◆ YOUR INSTRUCTIONS:
The pictures must be left out, while the rest of the data is copied exactly.

◆ EXERCISE INPUTS:
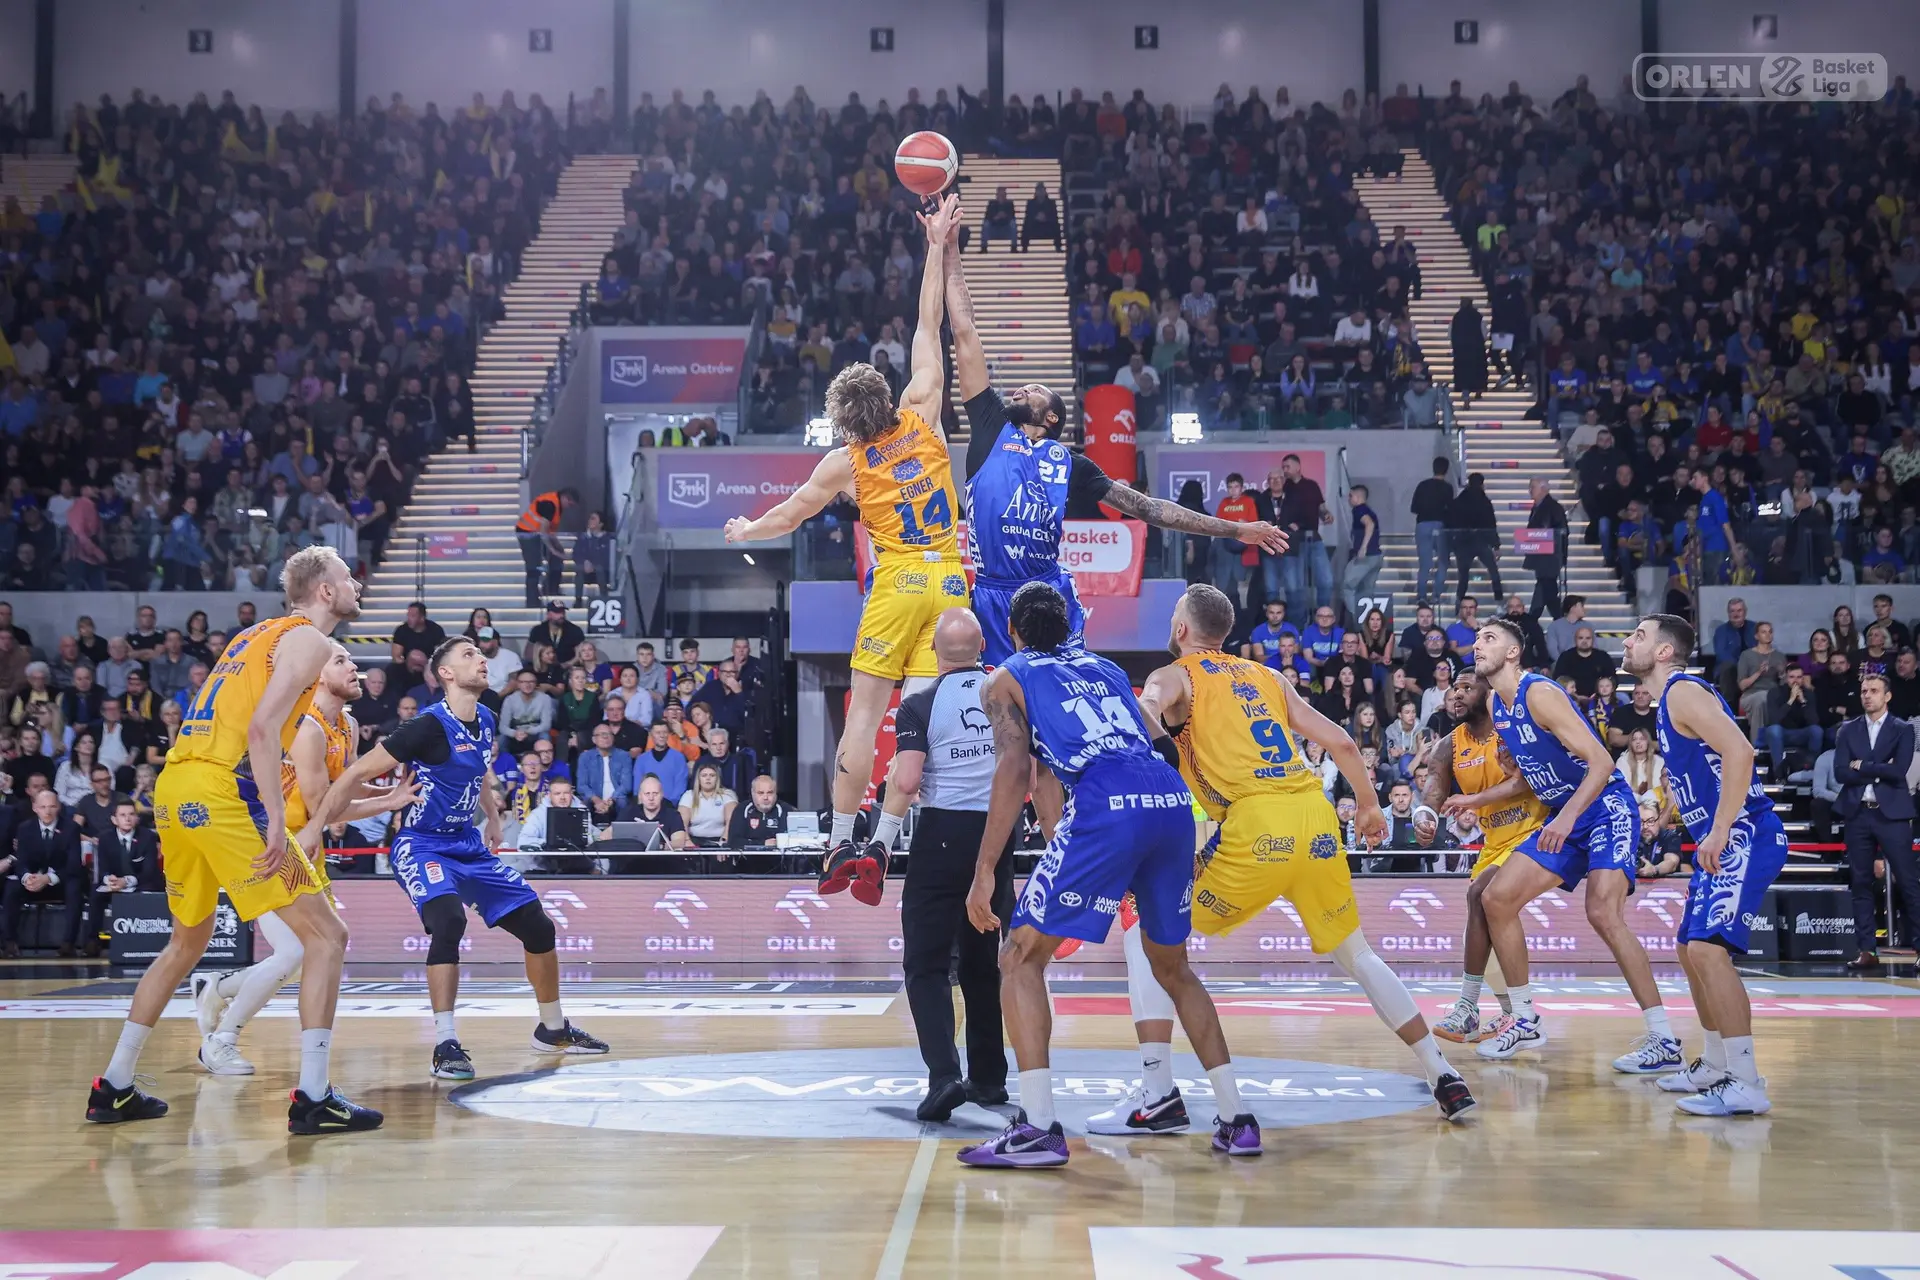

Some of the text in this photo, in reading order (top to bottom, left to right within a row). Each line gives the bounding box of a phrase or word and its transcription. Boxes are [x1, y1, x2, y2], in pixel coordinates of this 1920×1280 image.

[616, 361, 735, 378] 3mk Arena Ostrów
[880, 429, 920, 453] COLOSSEUM
[1038, 460, 1068, 484] 21
[673, 480, 799, 498] 3mk Arena Ostró
[899, 476, 934, 501] EGNER
[1217, 480, 1258, 493] Ana
[893, 487, 952, 539] 14
[1058, 548, 1093, 566] iga
[589, 599, 622, 627] 26
[1357, 597, 1390, 624] 27
[184, 676, 227, 721] 11
[1060, 695, 1142, 743] 14
[1249, 718, 1294, 764] 9
[1515, 723, 1538, 745] 18
[950, 745, 981, 760] Bank
[1524, 762, 1562, 791] nwil
[1489, 806, 1523, 822] OSTRÓW
[1490, 811, 1532, 829] WIELKOPOLSKI
[1251, 833, 1296, 857] Grześ
[1094, 895, 1121, 908] JAWO
[1810, 917, 1855, 926] COLOSSEUM
[208, 938, 238, 948] SIEK
[555, 936, 594, 951] LEN
[644, 936, 715, 951] ORLEN
[766, 936, 836, 951] ORLEN
[1381, 936, 1452, 951] ORLEN
[1524, 936, 1577, 951] RLEN

◆ WRITTEN RESPONSE:
Some of the text in this photo, in reading order (top to bottom, left to right within a row). Each line gives the bounding box of a phrase or word and its transcription. Boxes are [x1, y1, x2, y2], in pixel coordinates of this 1920×1280 image.

[616, 361, 735, 378] 3mk Arena Ostrów
[880, 429, 920, 453] COLOSSEUM
[1038, 460, 1068, 484] 21
[673, 480, 799, 498] 3mk Arena Ostró
[899, 476, 934, 501] EGNER
[1217, 480, 1258, 493] Ana
[893, 487, 952, 539] 14
[1058, 548, 1093, 566] iga
[589, 599, 622, 627] 26
[1357, 597, 1390, 624] 27
[184, 676, 227, 721] 11
[1060, 695, 1142, 743] 14
[1249, 718, 1294, 764] 9
[1515, 723, 1538, 745] 18
[950, 745, 981, 760] Bank
[1524, 762, 1562, 791] nwil
[1489, 806, 1523, 822] OSTRÓW
[1490, 811, 1532, 829] WIELKOPOLSKI
[1251, 833, 1296, 857] Grześ
[1094, 895, 1121, 908] JAWO
[1810, 917, 1855, 926] COLOSSEUM
[208, 938, 238, 948] SIEK
[555, 936, 594, 951] LEN
[644, 936, 715, 951] ORLEN
[766, 936, 836, 951] ORLEN
[1381, 936, 1452, 951] ORLEN
[1524, 936, 1577, 951] RLEN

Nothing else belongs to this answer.